Almost against her will other fragments of thoughts came to mind. The night she surprised the intruder in her hotel room. A man in black. Drew standing in the room later, looking harried, wearing black.
“God, you’re going conspiracy cuckoo, Marilee.” She pushed herself away from the desk to pace again and to run her hands into her hair. “Drew isn’t involved. Don’t be crazy.”
Crazy.
Del Rafferty was crazy.
I don’t wanna know what happened to you! I don’t wanna know about the tigers! Leave me alone! Leave me alone or I’ll leave you for the dog-boys, damn you!
Not didn’t know, didn’t want to know.
She had discounted the whole idea of Del helping on the basis of the tiger remark.

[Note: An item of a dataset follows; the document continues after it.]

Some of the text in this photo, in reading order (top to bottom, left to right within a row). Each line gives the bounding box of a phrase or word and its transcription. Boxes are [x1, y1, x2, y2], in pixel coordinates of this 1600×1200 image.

It sounded crazy. He had mistaken her for a corpse and thought he’d seen a tiger. There were no tigers in Montana. And what the hell were dog-boys? The guy was so far gone around the bend, he would never get back without a guide. Or so she had thought.
But what if Del wasn’t completely crazy? What if he had seen one of Bryce’s hunts? He might have thought himself that it was insane. But Mari had seen the tiger now too. She could assure him what he had seen was real. That would give them something in common, and if she could establish common ground, maybe he would tell her what-if anything-he knew about Lucy’s death.

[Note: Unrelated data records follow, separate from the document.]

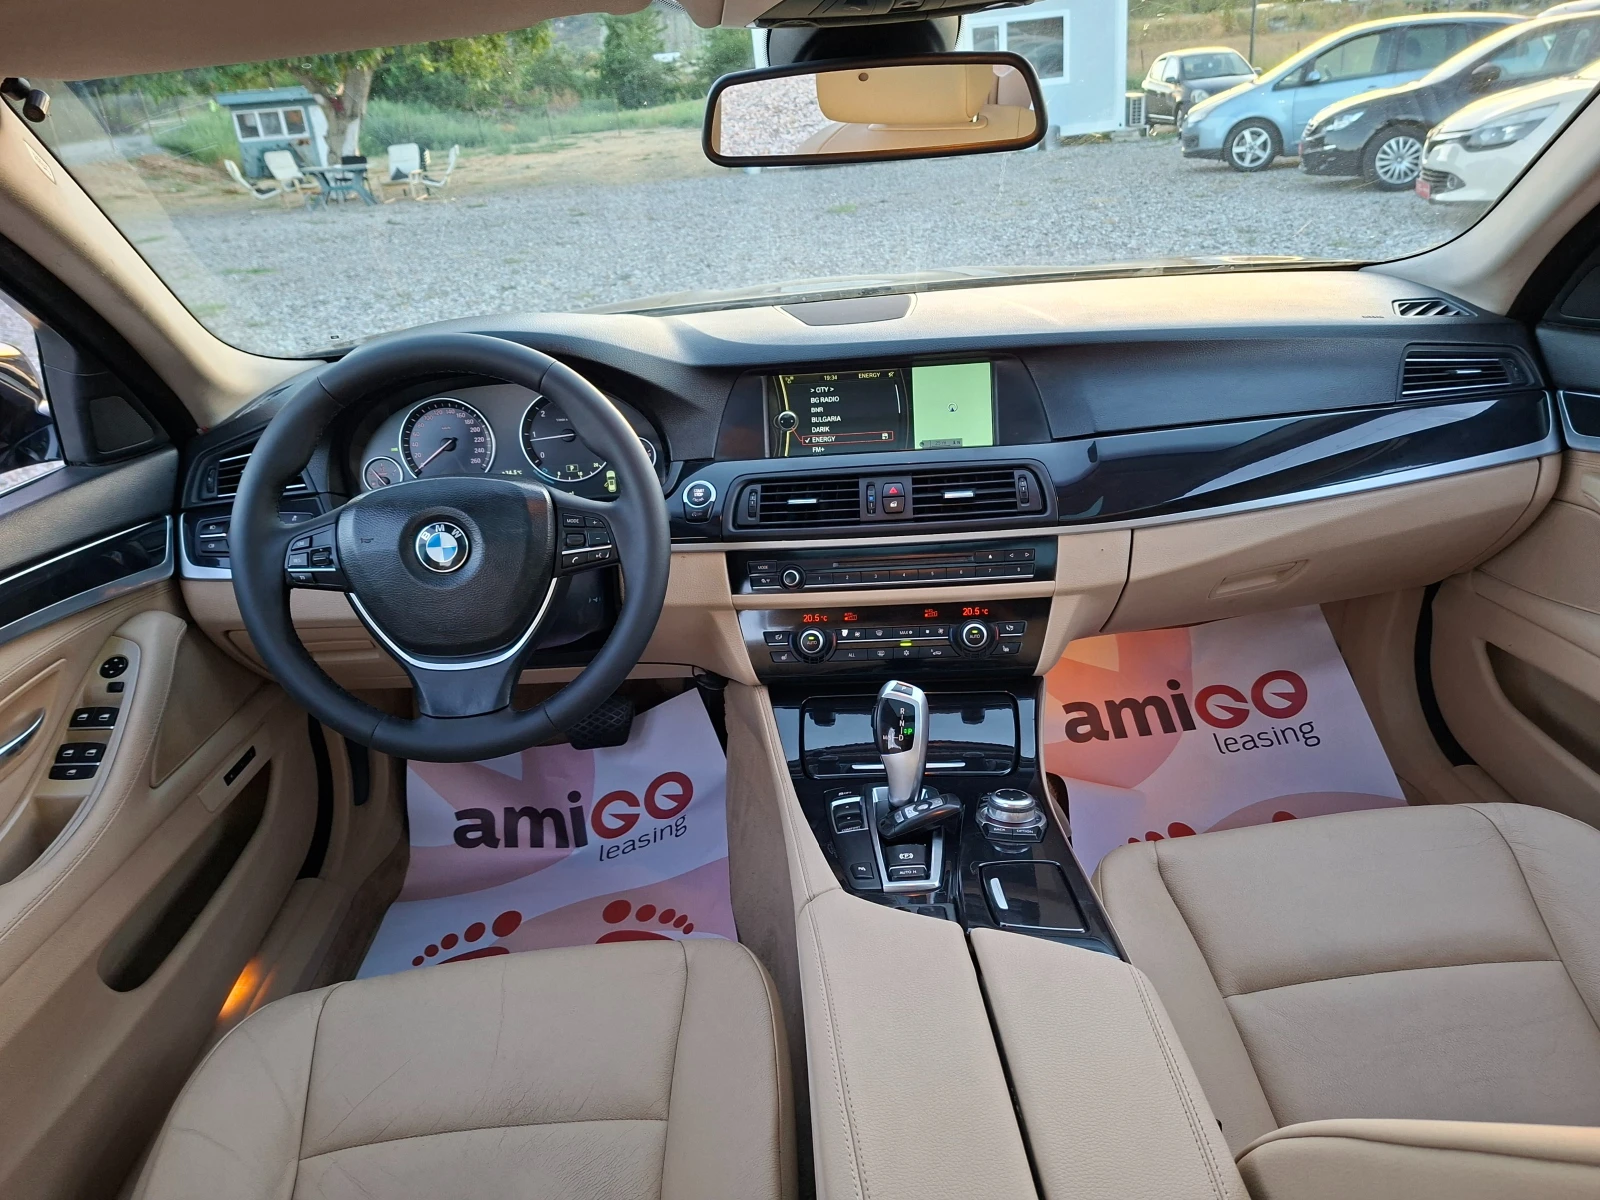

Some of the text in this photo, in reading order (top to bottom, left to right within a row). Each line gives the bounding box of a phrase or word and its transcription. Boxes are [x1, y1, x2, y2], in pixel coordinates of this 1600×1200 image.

[540, 410, 546, 418] 2
[811, 415, 842, 423] BULGARIA
[811, 435, 836, 443] ENERGY
[540, 451, 545, 459] 0
[420, 524, 462, 541] BMW
[900, 707, 905, 715] R
[1212, 720, 1321, 755] leasing
[599, 814, 688, 862] leasing

I don’t wanna know what happened to you!
Which implied that he did know.
The sheriff wouldn’t like Del as a witness, and J.D. wouldn’t like her going up into his uncle’s territory at all. But she needed to find the truth and close the door on this ugly chapter of her friend’s life. Now more than ever she wanted it over and done with, dead and buried. Mentally she told Quinn and Rafferty to go take a flying leap, and went out to the barn to saddle her mule.
CHAPTER 27
HE WATCHED her through the Leupold 10x scope, the Remington 700 resting comfortably against his shoulder. She looked a foot away. He could see all the strange, subtle shades in her hair, the frown of determination curving her little mouth as she talked incessantly to the mule. Beside him one of the hounds whined. He gave the dog a hard squint and it lay down with its head on its paws and a woeful look in its eyes.

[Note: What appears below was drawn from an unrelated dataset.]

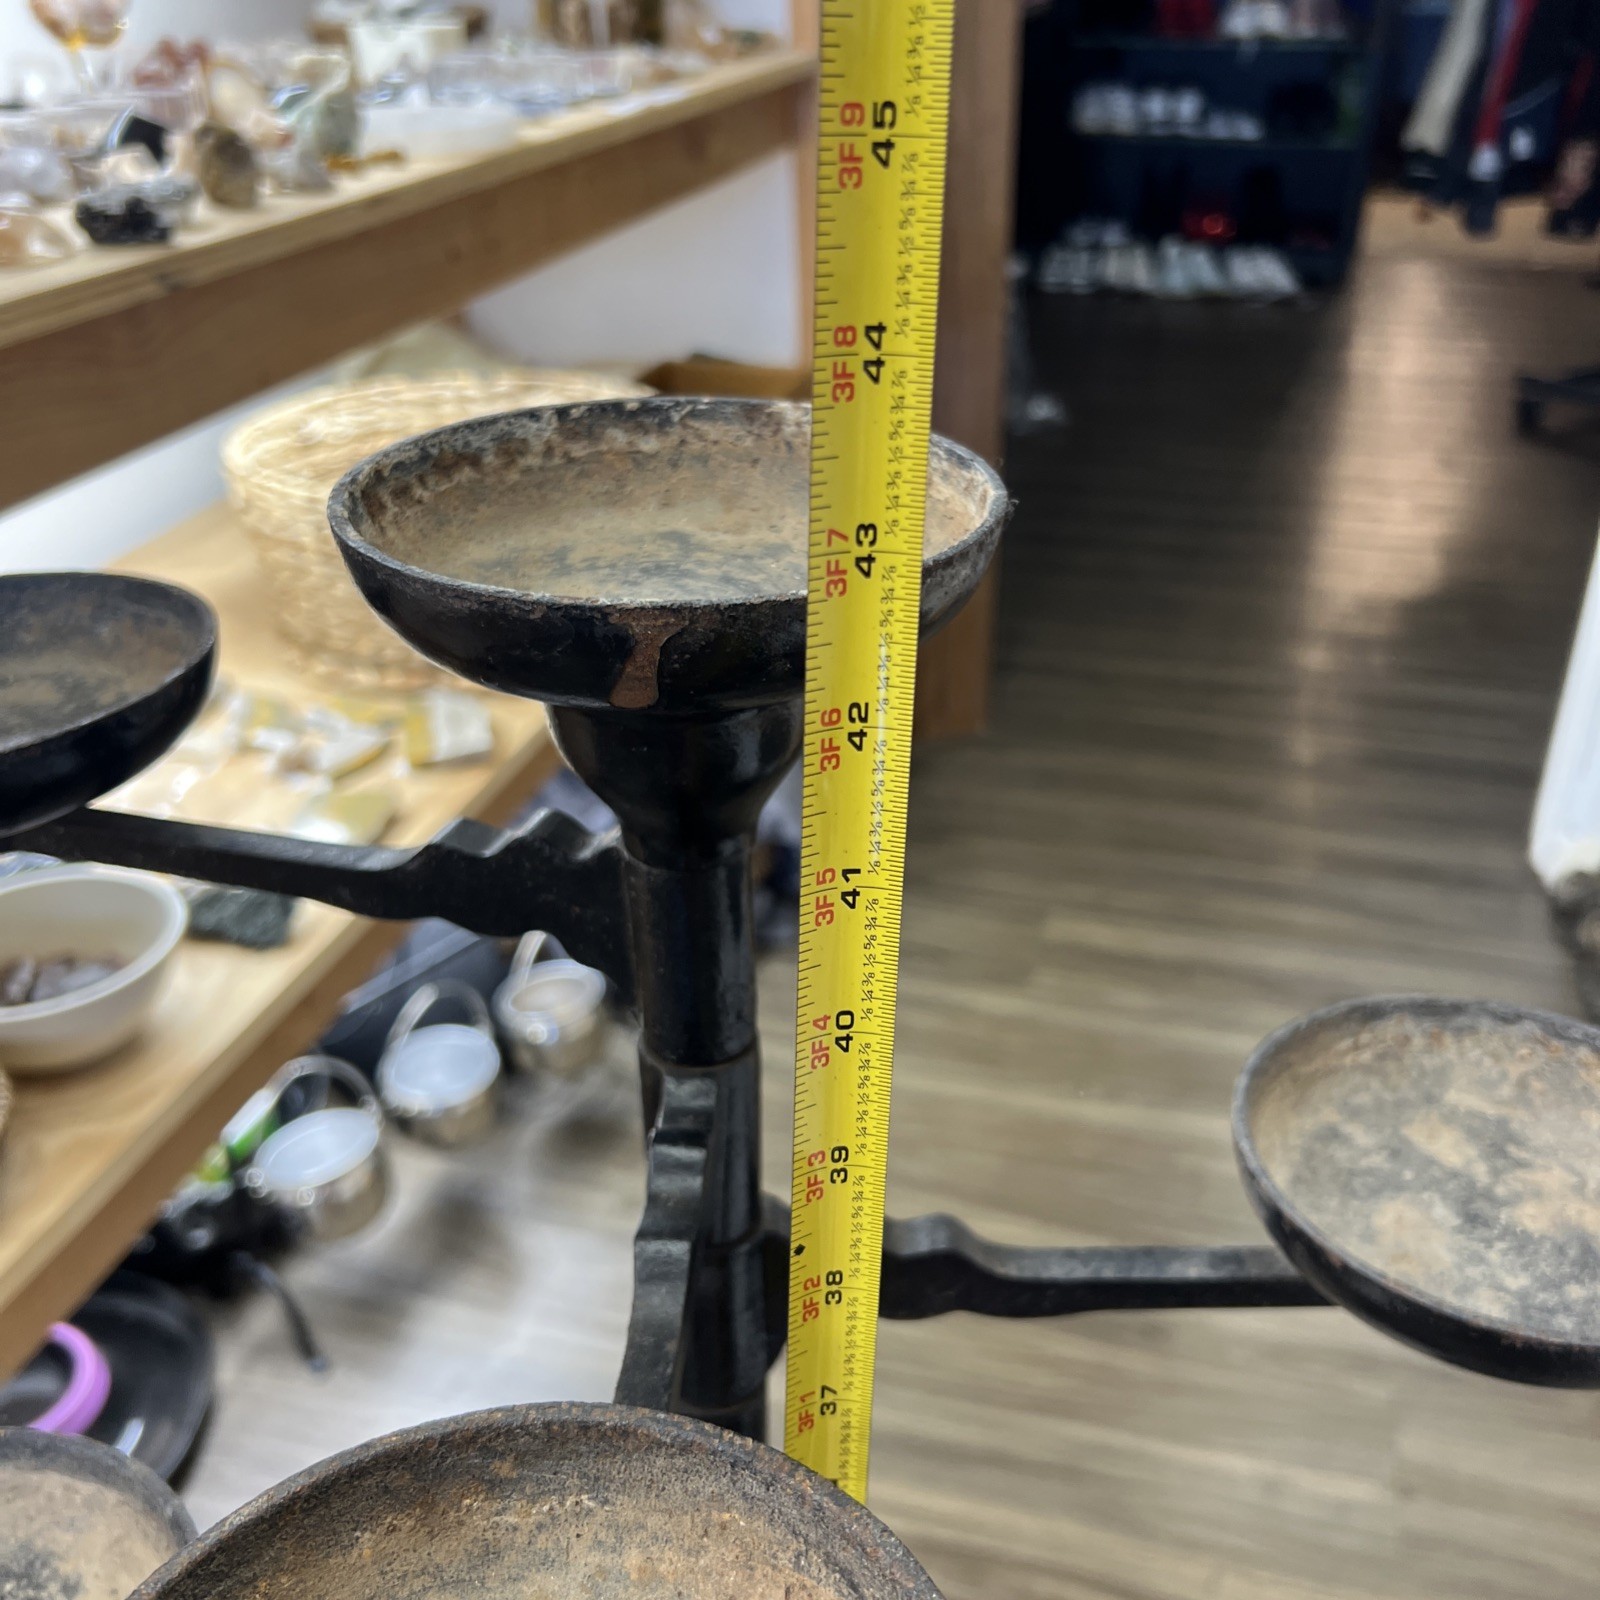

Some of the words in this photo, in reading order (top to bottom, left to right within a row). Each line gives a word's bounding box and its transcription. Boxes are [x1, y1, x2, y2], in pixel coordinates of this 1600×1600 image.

He had tracked her up from the blue rock. She came boldly, brazenly, riding that mule as if she already owned the mountain. The blondes would try to take it away. He knew that. That was why they came at night-to taunt him, to drive him away. And now she was coming back in the daylight again. Bold as brass.
He could pick her off now. The air settled in his lungs. His finger came back and took a little slack out of the trigger, but he didn’t shoot. He wasn’t certain this wasn’t part of the test. And he could see that this was the little blonde. The talker, not the dead blonde, not the blonde who danced under the light of the moon. J.D. would be disgusted with him if he shot this one. He had said to leave her be.
Del let the trigger out, but remained as still as if he were a rock or a tree. Maybe J.D. didn’t know that the blondes would take control. He was under their spell, wasn’t he? Maybe that was their master plan and it was left to Del to stop them from taking the Stars and Bars. He would be a hero if he stopped them. His family could be proud of him again instead of secretly ashamed. He could be proud of himself, and that was something he hadn’t been in a very long time. Since before he could remember. Since before the ’Nam.
As silent as nothingness, he rose and started up the hill. The blonde was heading for his cabin. She couldn’t be allowed inside. He would be there before her.
Mari’s boots scuffed in the dirt of the yard as she paced. She switched her hands from the hip pockets of her jeans to the front pockets and marched on, trudging slowly around the corral. The horses watched her with idle curiosity. Tied to a post, Clyde closed his big brown eyes and went to sleep.